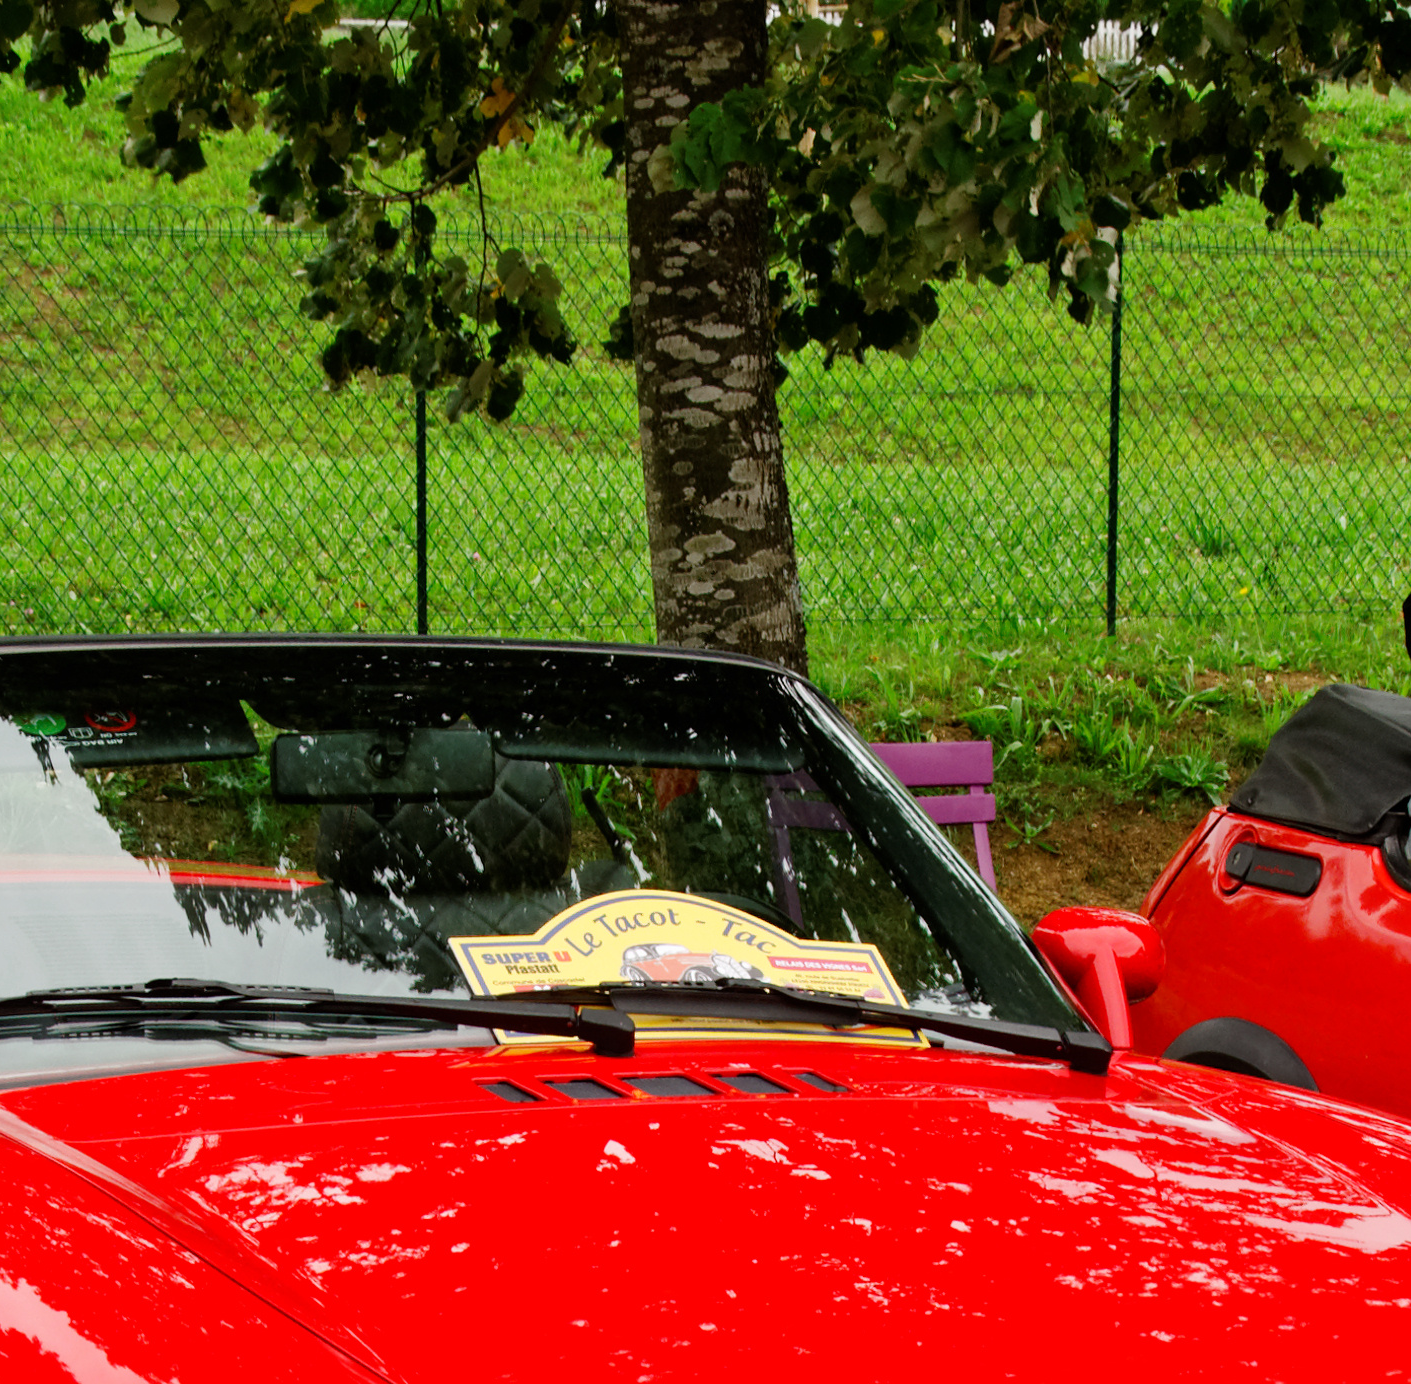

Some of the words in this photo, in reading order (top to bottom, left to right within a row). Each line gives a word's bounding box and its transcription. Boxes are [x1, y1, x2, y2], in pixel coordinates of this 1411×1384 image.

[564, 931, 602, 957] Le
[593, 907, 682, 938] Tacot
[721, 917, 776, 955] Tac
[481, 951, 551, 966] SUPER
[553, 950, 572, 963] U
[775, 958, 804, 969] RELAIS
[804, 960, 822, 970] DES
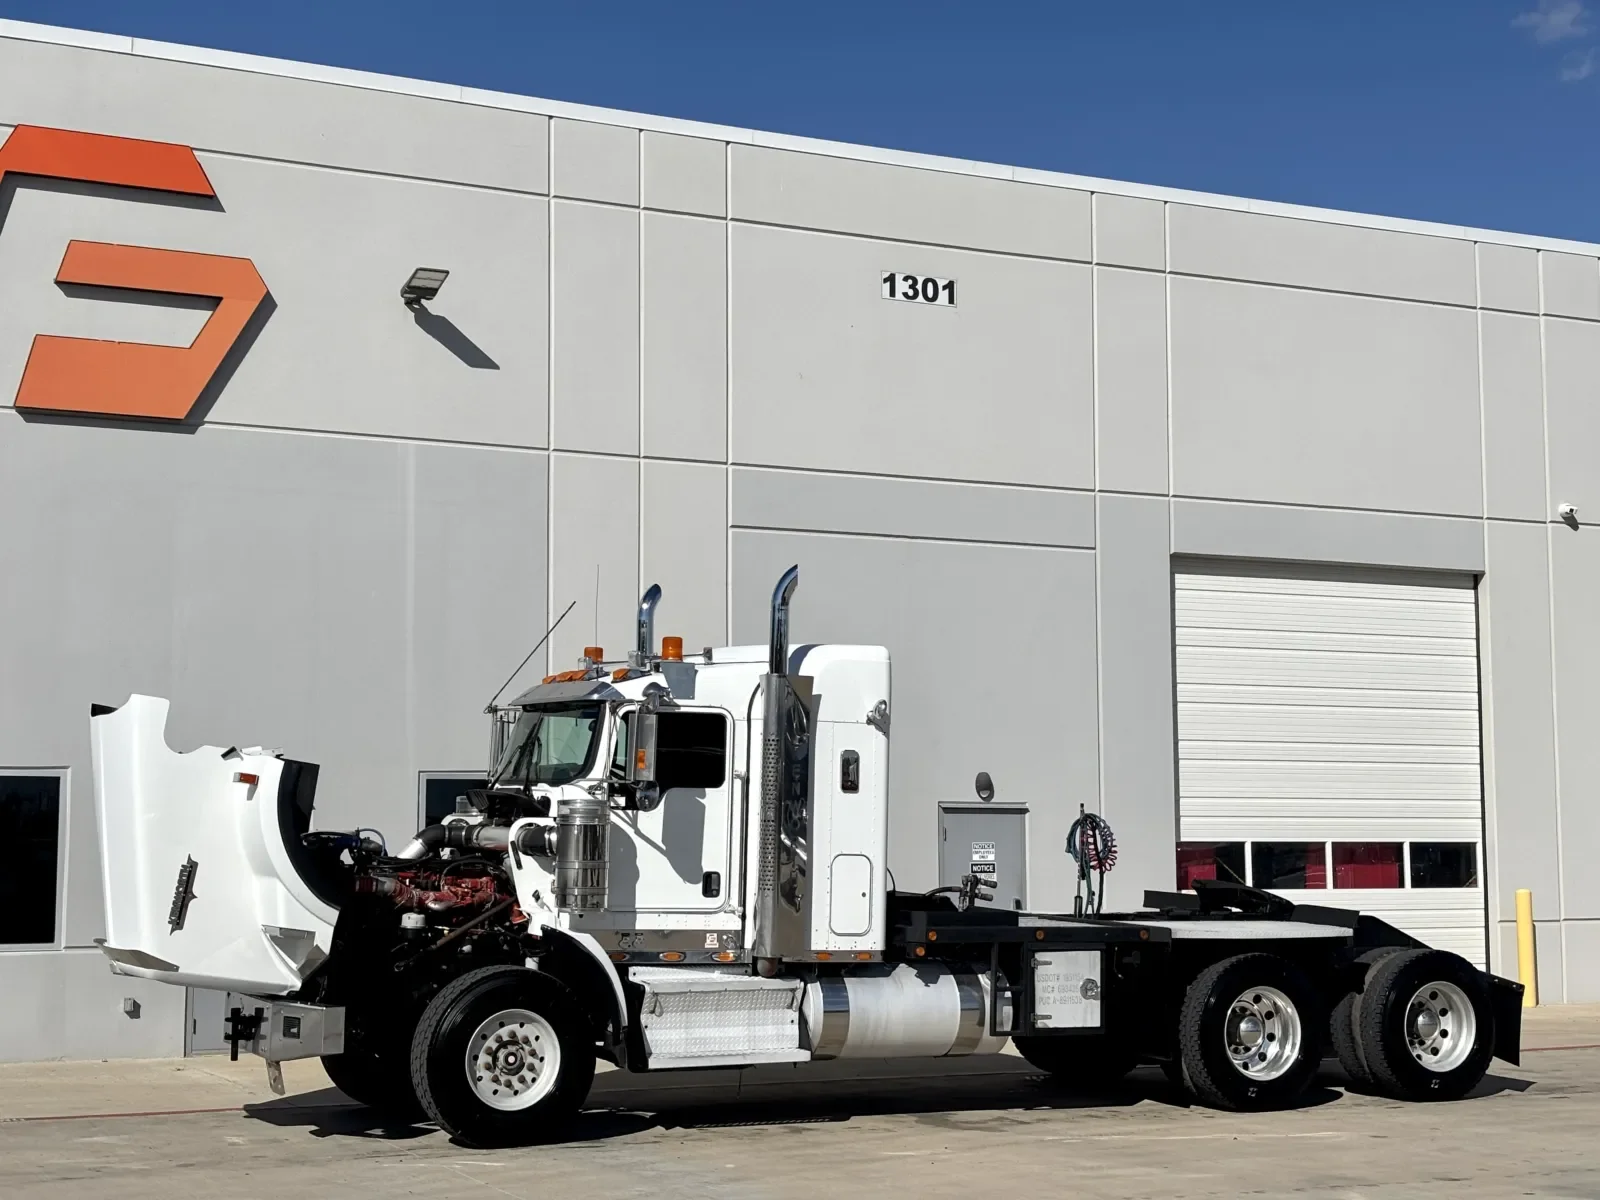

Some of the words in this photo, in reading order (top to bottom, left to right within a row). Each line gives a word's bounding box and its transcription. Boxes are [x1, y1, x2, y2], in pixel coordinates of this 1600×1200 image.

[882, 272, 955, 305] 1301
[972, 864, 994, 872] NOTICE
[167, 863, 191, 925] KENWORTH
[1036, 973, 1060, 983] USDOT#

=== TO DO ===
Repeat the material verbatim but without any of its pictures.

=== RESPONSE FOR THIS EXERCISE ===
Some of the words in this photo, in reading order (top to bottom, left to right within a row). Each line gives a word's bounding box and its transcription. Boxes are [x1, y1, x2, y2], in pixel coordinates of this 1411×1384 image.

[564, 931, 602, 957] Le
[593, 907, 682, 938] Tacot
[721, 917, 776, 955] Tac
[481, 951, 551, 966] SUPER
[553, 950, 572, 963] U
[775, 958, 804, 969] RELAIS
[804, 960, 822, 970] DES

Some of the words in this photo, in reading order (top to bottom, left to right within a row). Each line gives a word's bounding box and its transcription. Boxes are [x1, y1, x2, y2], in pixel coordinates of this 1600×1200 image.

[882, 272, 955, 305] 1301
[972, 864, 994, 872] NOTICE
[167, 863, 191, 925] KENWORTH
[1036, 973, 1060, 983] USDOT#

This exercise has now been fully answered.